O Superior Tribunal de Justiça negou, por unanimidade, o recurso da defesa do goleiro Bruno Fernandes. A defesa pedia que ele voltasse ao livramento condicional, mas a Sexta Turma do STJ manteve o ex-atleta no regime semiaberto. A decisão foi tomada em sessão virtual realizada entre os dias 27 de agosto e 2 de setembro, com os ministros Rogerio Schietti Cruz, Carlos Pires Brandão, Nilsoni de Freitas e Og Fernandes votando junto com o relator, ministro Sebastião Reis Júnior.
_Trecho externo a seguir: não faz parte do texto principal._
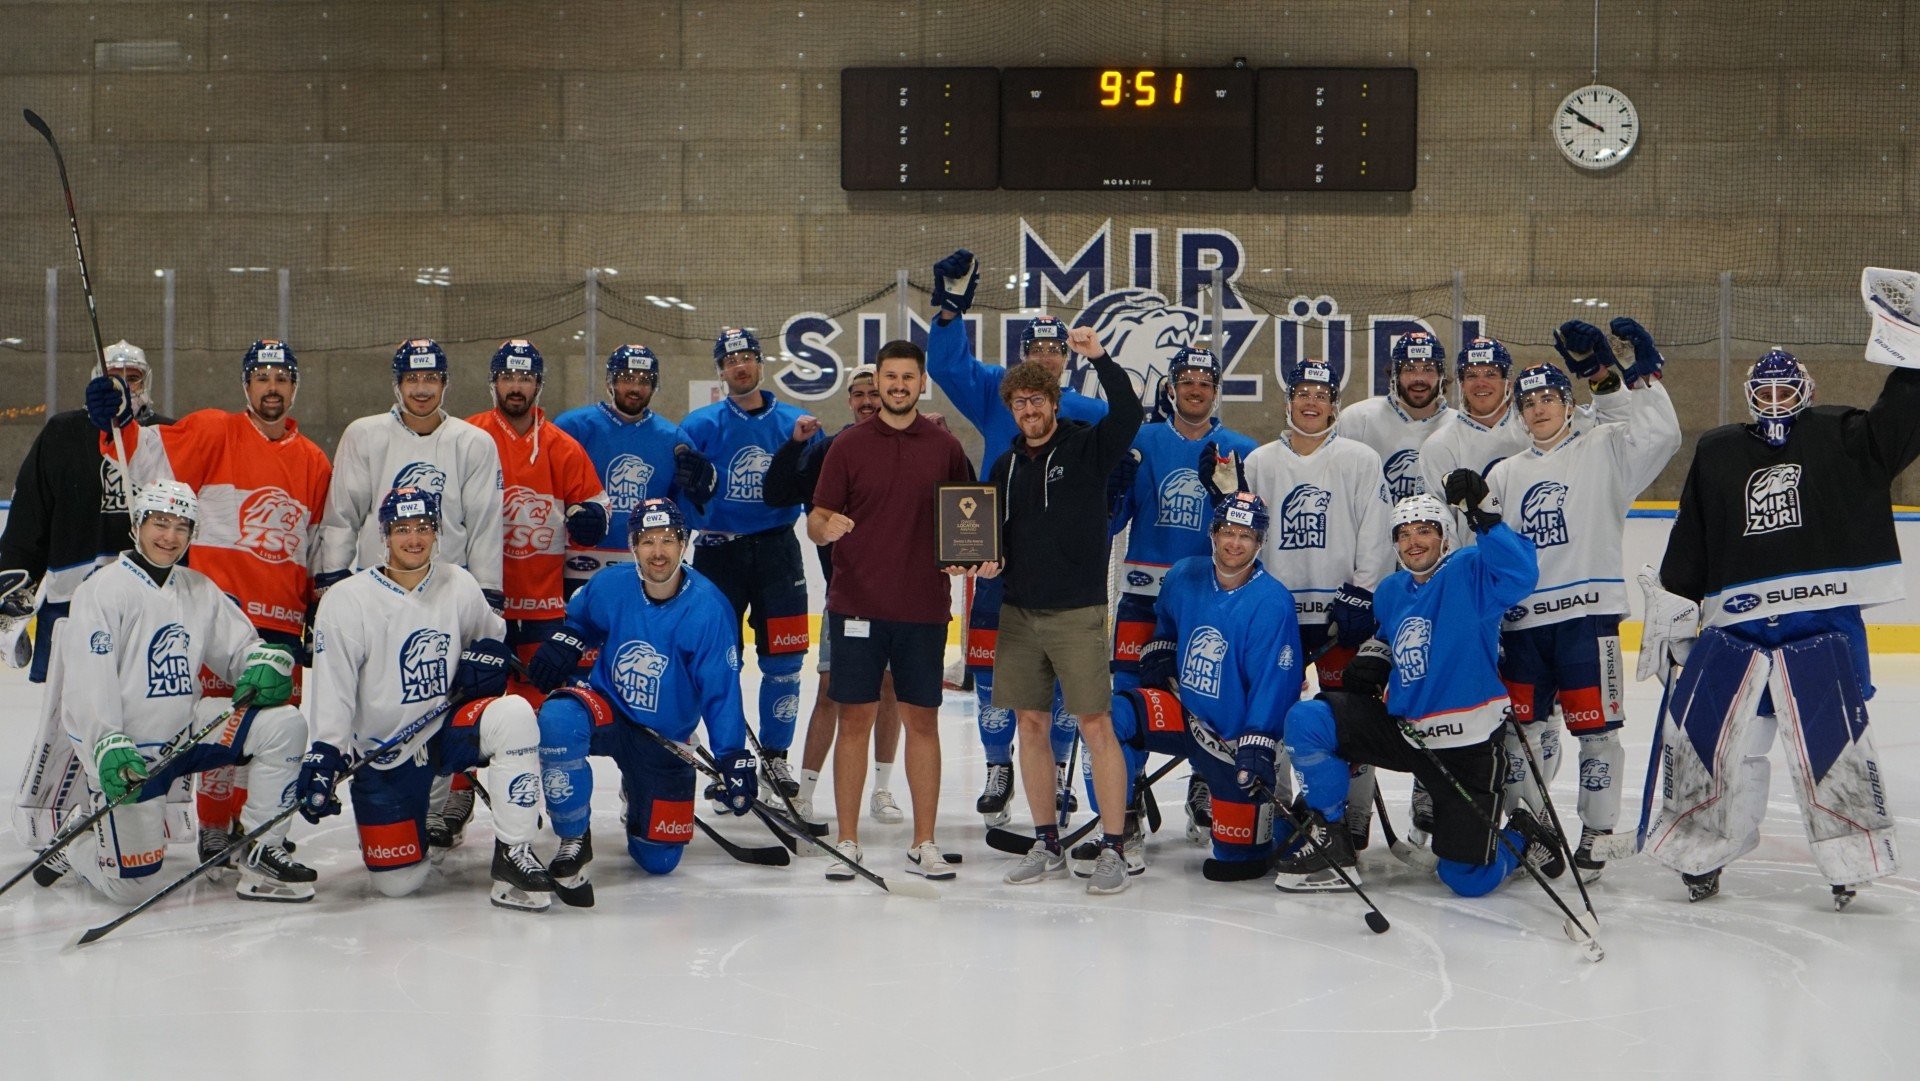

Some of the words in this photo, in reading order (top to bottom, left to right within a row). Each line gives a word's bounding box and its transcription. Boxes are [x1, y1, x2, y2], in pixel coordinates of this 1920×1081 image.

[1100, 71, 1183, 106] 9:51
[1020, 217, 1250, 313] MIR
[1037, 326, 1052, 334] ewz
[728, 340, 743, 348] ewz
[1410, 346, 1426, 354] ewz
[1874, 338, 1906, 361] BAUER
[261, 351, 278, 359] ewz
[413, 356, 429, 364] ewz
[510, 358, 526, 366] ewz
[1471, 351, 1487, 359] ewz
[1308, 369, 1324, 377] ewz
[1523, 376, 1539, 386] ewz
[1767, 423, 1784, 440] 40
[731, 473, 763, 487] MIR
[609, 484, 638, 498] MIR
[732, 485, 763, 499] ZÜR
[400, 503, 418, 512] ewz
[609, 493, 640, 509] ZÜR
[1161, 495, 1194, 512] MIR
[1750, 493, 1788, 514] MIR
[646, 513, 662, 522] ewz
[1160, 508, 1198, 527] ZÜRI
[1230, 510, 1247, 519] ewz
[1523, 513, 1560, 532] MIR
[1750, 507, 1797, 530] ZÜRI
[1283, 514, 1318, 533] MIR
[1283, 529, 1324, 548] ZÜRI
[370, 569, 405, 596] STADLER
[1335, 590, 1372, 609] AUER
[1766, 582, 1847, 604] SUBARU
[1295, 601, 1333, 614] SUBA
[91, 643, 113, 652] ZSC
[551, 631, 585, 651] BAU
[461, 651, 504, 668] AUER
[969, 646, 995, 659] Adec
[1361, 645, 1392, 657] BAU
[1394, 648, 1421, 668] MIR
[151, 657, 189, 679] MIR
[403, 663, 438, 685] MIR
[1186, 656, 1213, 678] MIR
[151, 673, 192, 696] ZÜR
[405, 678, 446, 702] ZÜRI
[615, 672, 648, 692] MIR
[1147, 688, 1166, 728] decco
[1564, 709, 1600, 723] decco
[220, 702, 247, 747] MIGR
[1055, 717, 1078, 727] ZS
[1239, 735, 1275, 749] WARR
[1664, 743, 1674, 800] BAUER
[1580, 775, 1612, 788] ZSC
[1866, 759, 1886, 817] BAUER
[1213, 821, 1251, 838] decco
[121, 849, 164, 867] MIGR
[367, 843, 416, 859] Adecco
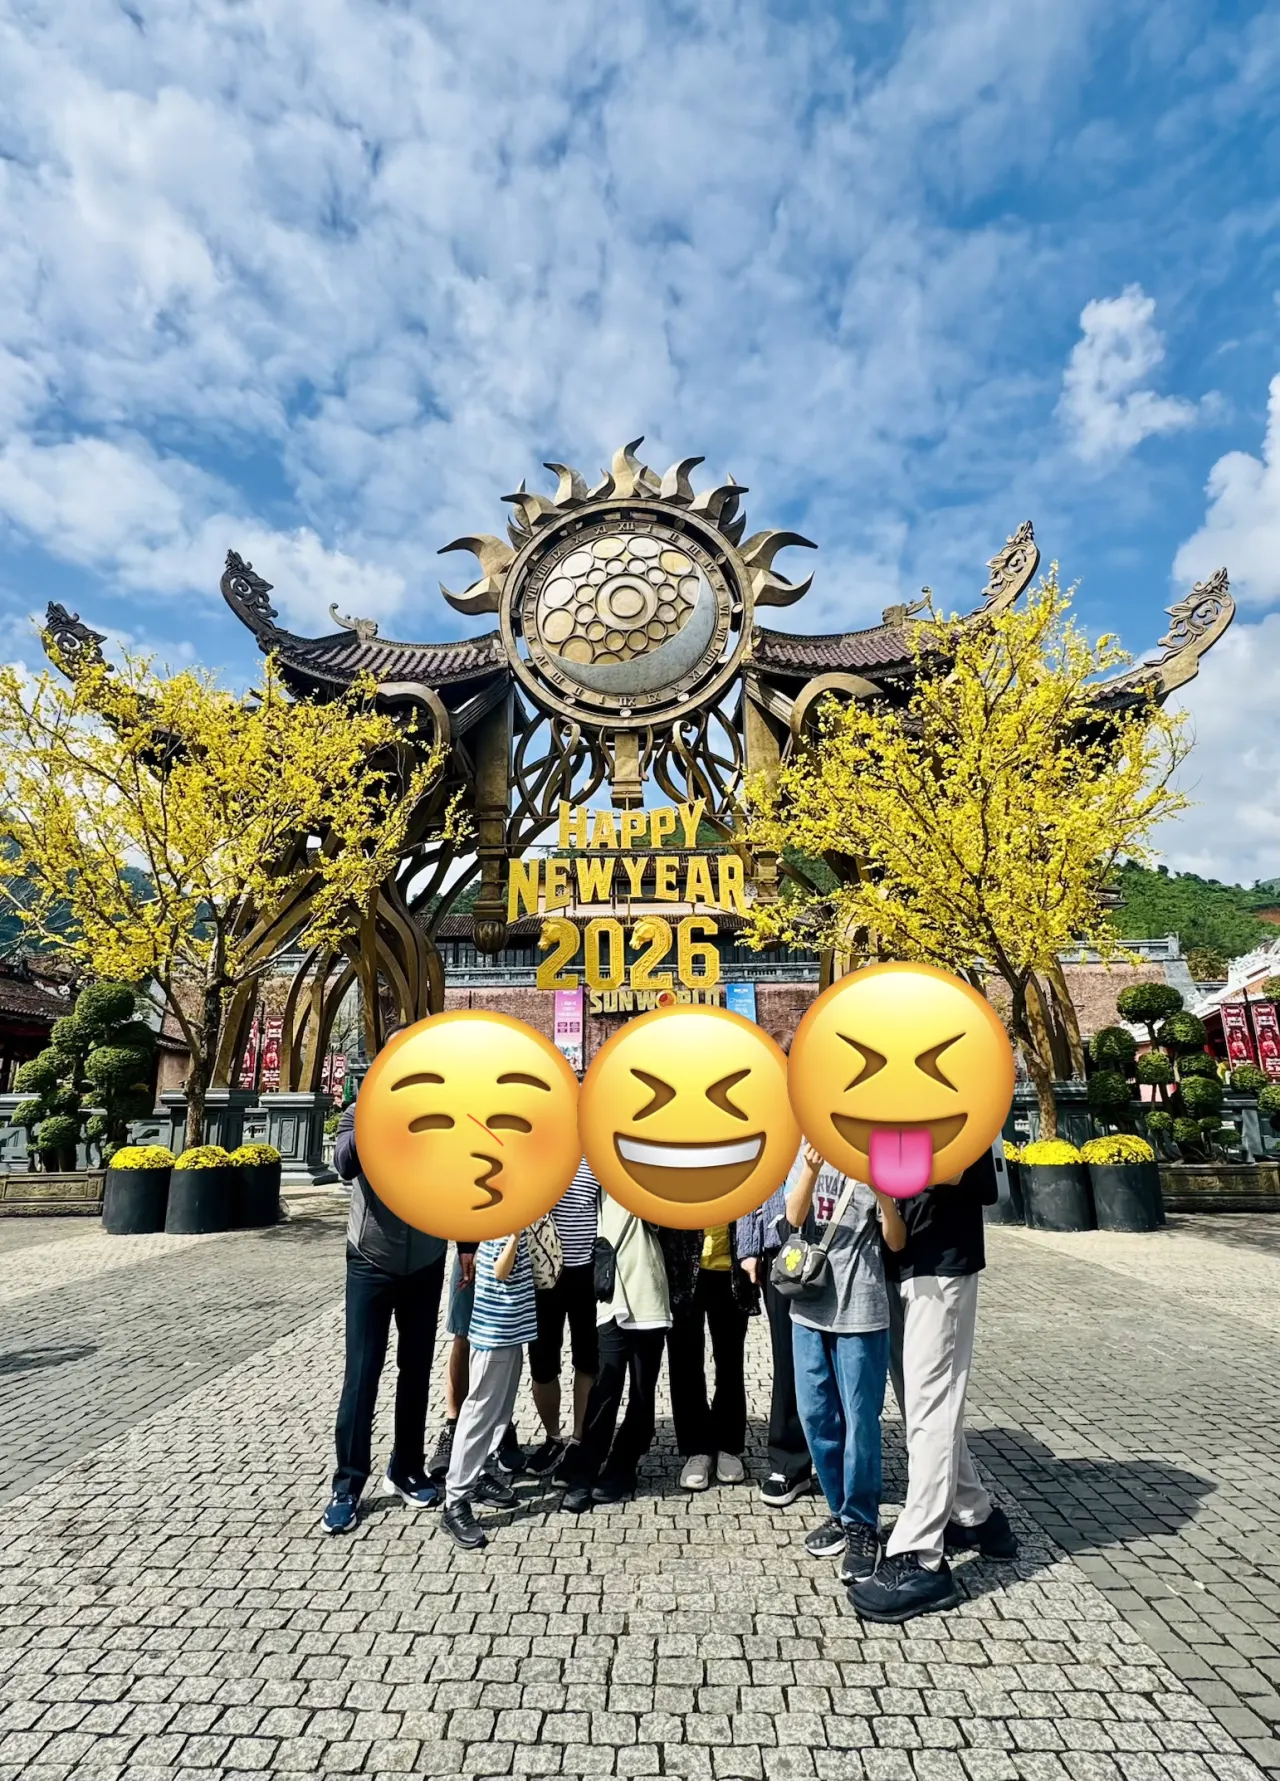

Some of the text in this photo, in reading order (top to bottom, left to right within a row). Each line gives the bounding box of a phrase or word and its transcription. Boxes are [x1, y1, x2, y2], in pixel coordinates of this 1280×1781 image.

[557, 797, 708, 850] HAPPY
[507, 854, 752, 924] NEW YEAR
[536, 916, 720, 990] 2026
A liberdade condicional de Bruno tinha sido revogada em 5 de março pelo Tribunal de Justiça do Rio de Janeiro. Os motivos foram vários: ele viajou para fora do Estado sem autorização da Justiça, deixou de atualizar o endereço por três anos, não respeitou os horários de recolhimento e frequentou lugares proibidos, como um jogo do Flamengo, seu ex-clube, no Maracanã, em fevereiro.
Em fevereiro, Bruno viajou para o Acre sem autorização judicial para jogar pelo Vasco-AC e não retornou quando a Justiça determinou. Ele ficou dois meses foragido e foi preso em 8 de maio, em São Pedro da Aldeia, na Região dos Lagos do Rio de Janeiro, segundo a Polícia Militar do Rio.
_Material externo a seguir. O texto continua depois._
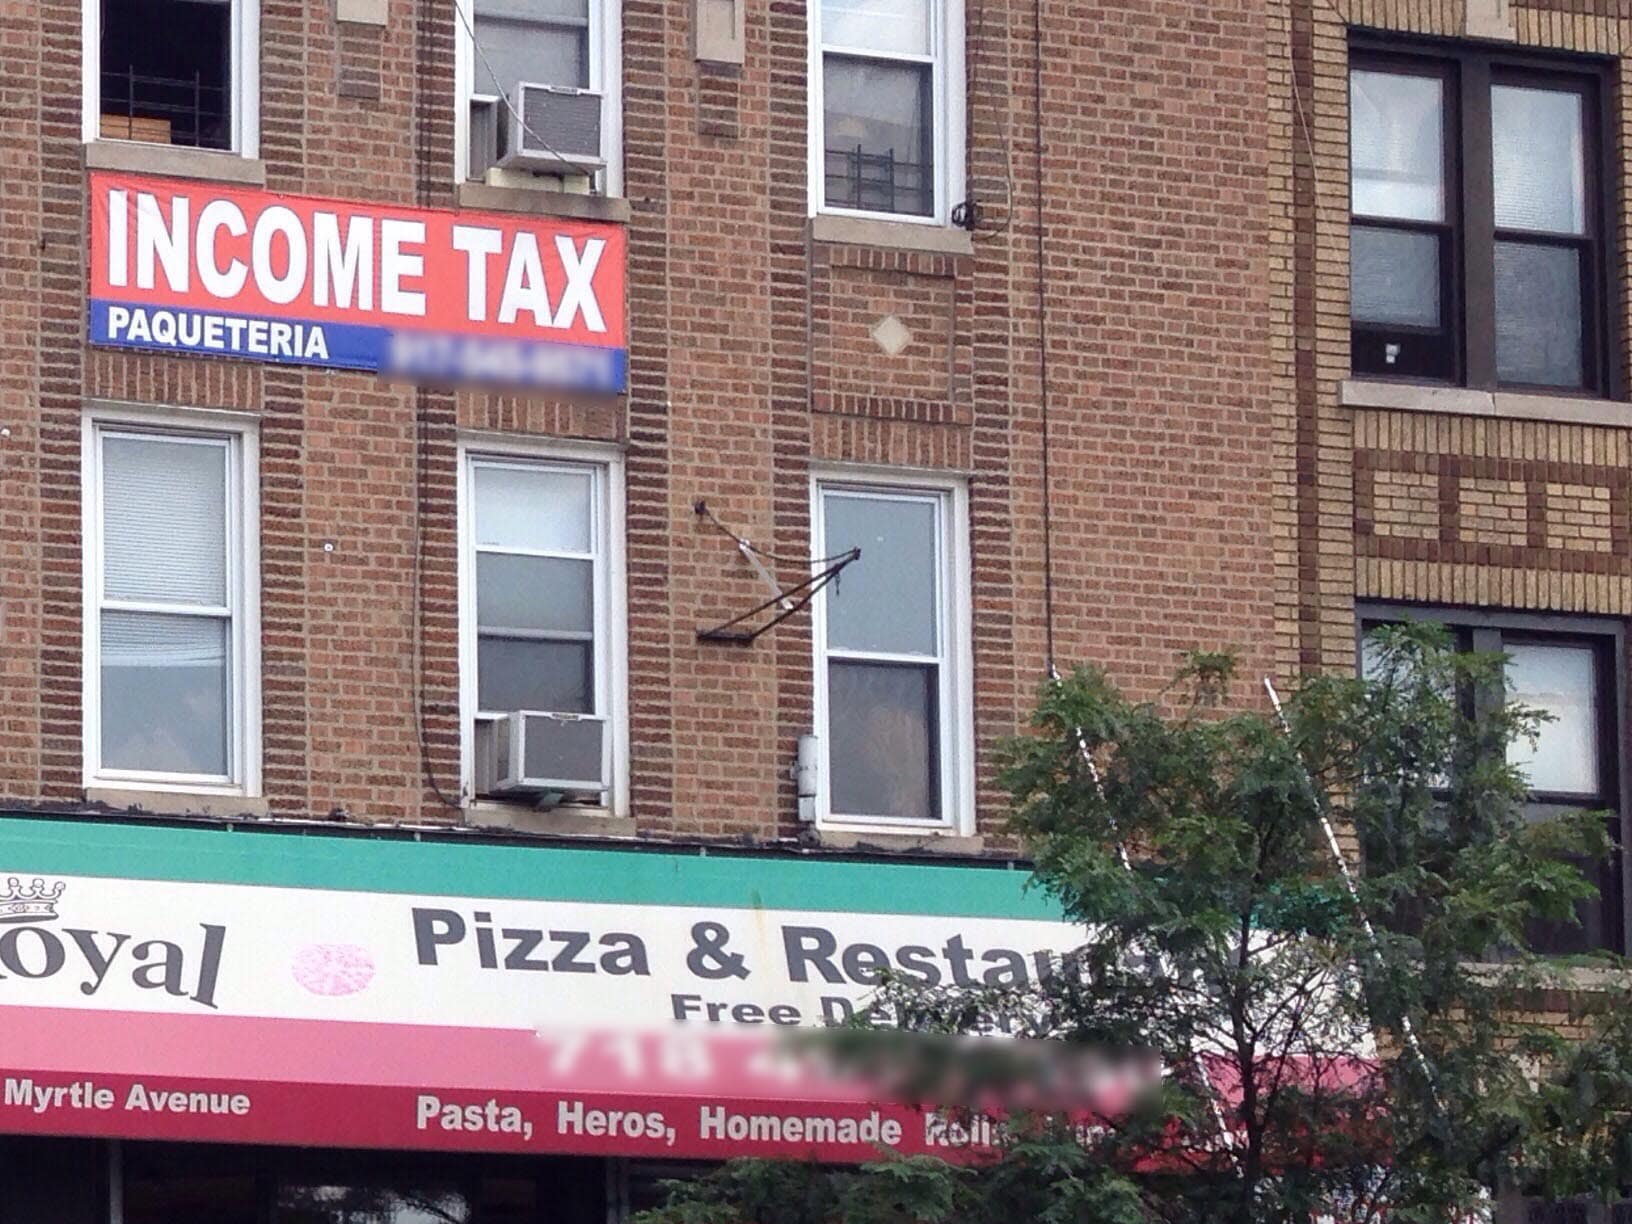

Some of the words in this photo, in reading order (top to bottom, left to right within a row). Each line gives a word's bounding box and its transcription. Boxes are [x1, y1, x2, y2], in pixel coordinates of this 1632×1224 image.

Bruno Fernandes foi condenado em 2013 pelo homicídio triplamente qualificado, sequestro e ocultação do corpo da modelo Eliza Samudio, mãe de seu filho. A pena é de 22 anos e 3 meses de prisão. Em 2019, ele conseguiu a progressão para o regime semiaberto e, em janeiro de 2023, obteve a liberdade condicional, benefício que agora perdeu definitivamente por decisão do STJ.